DATA FOR THIS TASK
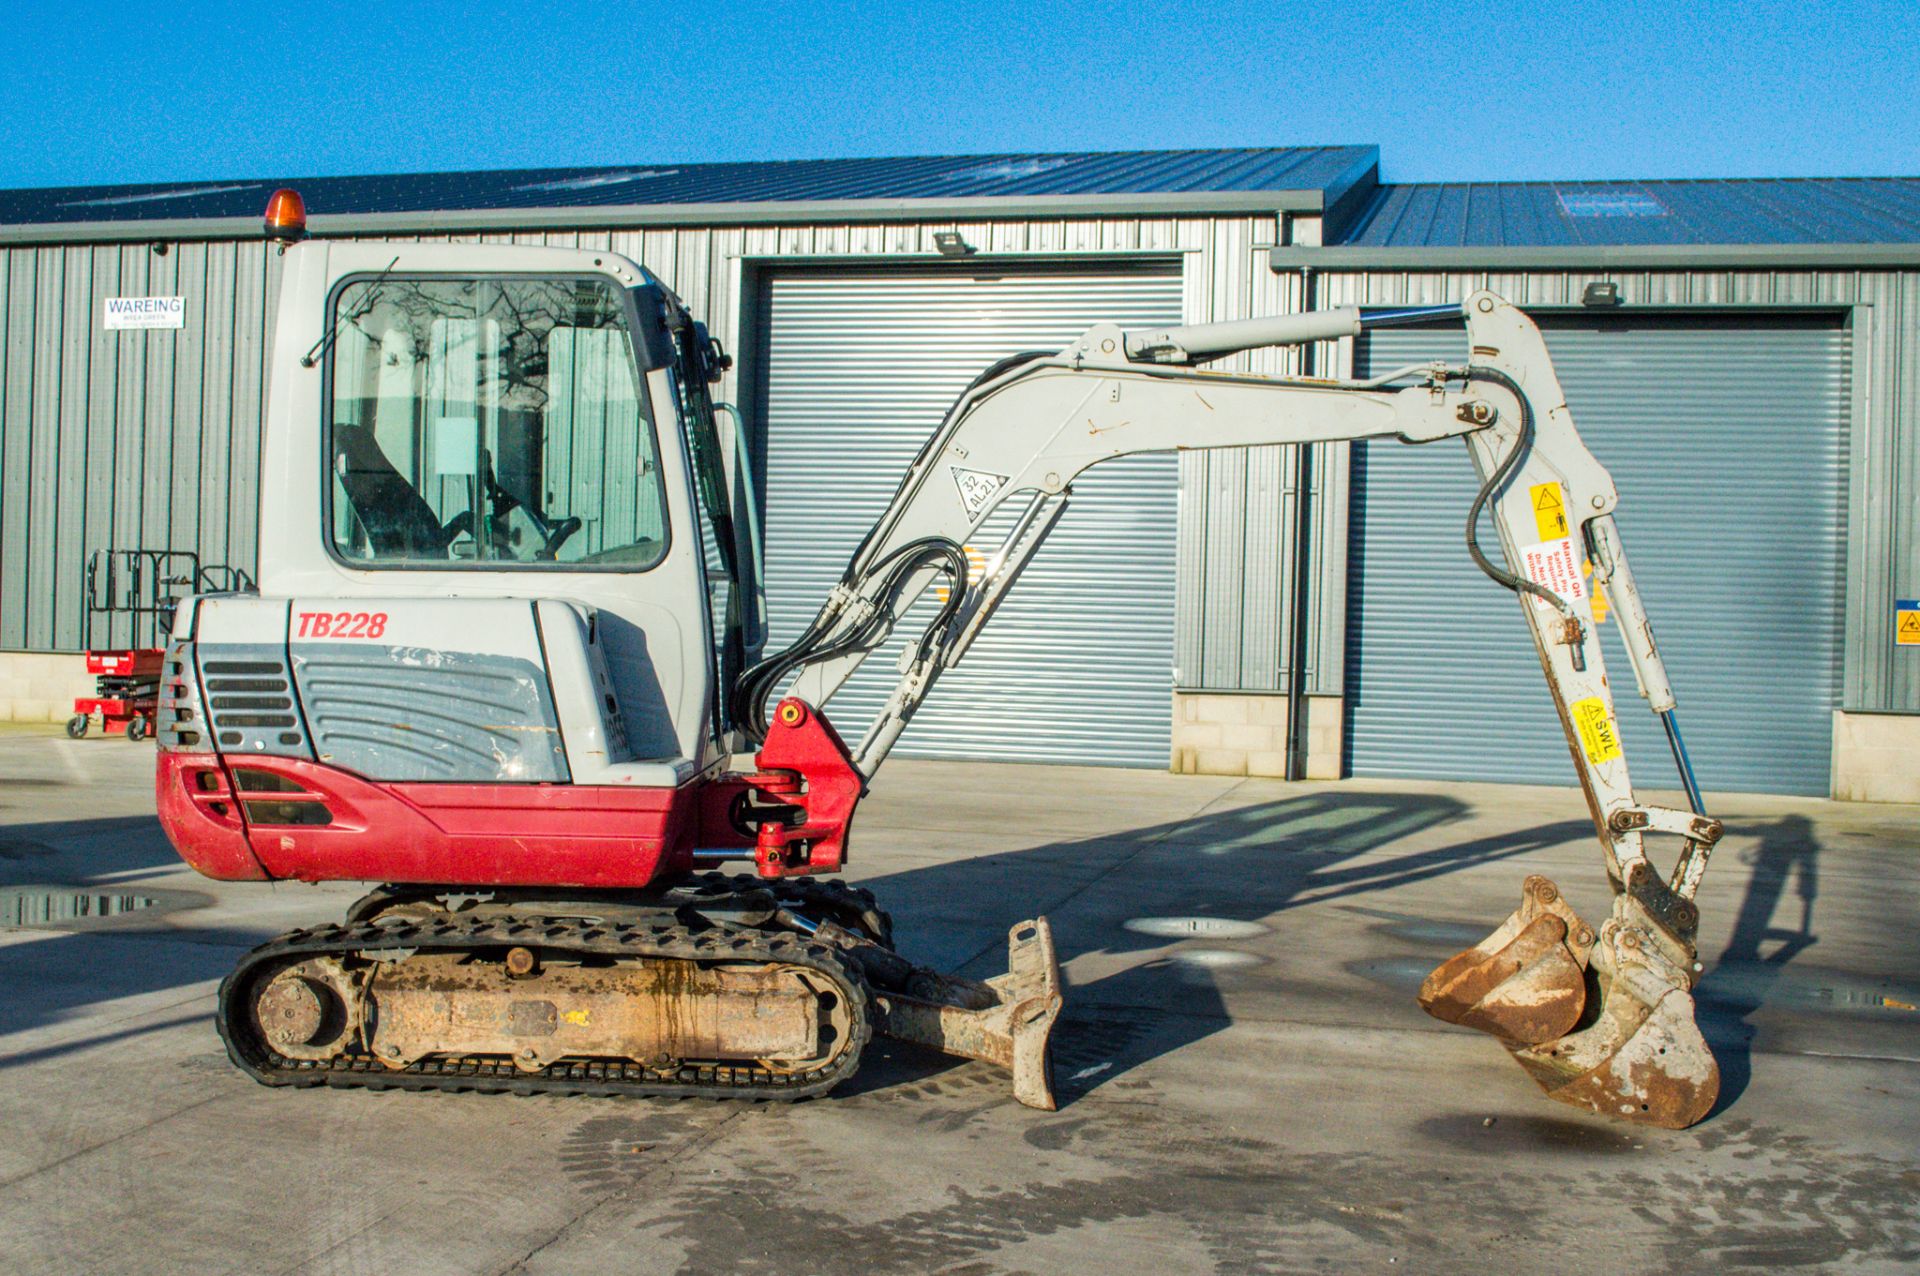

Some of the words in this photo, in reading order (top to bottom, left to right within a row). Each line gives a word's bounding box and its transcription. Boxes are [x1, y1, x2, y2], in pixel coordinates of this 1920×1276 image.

[109, 299, 180, 313] WAREING
[963, 476, 979, 492] 32
[1538, 567, 1546, 581] Not
[1546, 555, 1560, 592] Required
[1553, 551, 1563, 577] Safety
[1561, 541, 1578, 579] Manual
[1571, 582, 1582, 598] QH
[298, 612, 388, 638] TB228
[1595, 720, 1613, 754] SWL

DIRECTIONS FOR THIS TASK
Drop the images; copy every entry above exactly.

ANSWER SECTION
Some of the words in this photo, in reading order (top to bottom, left to right within a row). Each line gives a word's bounding box and its transcription. Boxes are [x1, y1, x2, y2], in pixel coordinates of this 1920×1276 image.

[109, 299, 180, 313] WAREING
[963, 476, 979, 492] 32
[1538, 567, 1546, 581] Not
[1546, 555, 1560, 592] Required
[1553, 551, 1563, 577] Safety
[1561, 541, 1578, 579] Manual
[1571, 582, 1582, 598] QH
[298, 612, 388, 638] TB228
[1595, 720, 1613, 754] SWL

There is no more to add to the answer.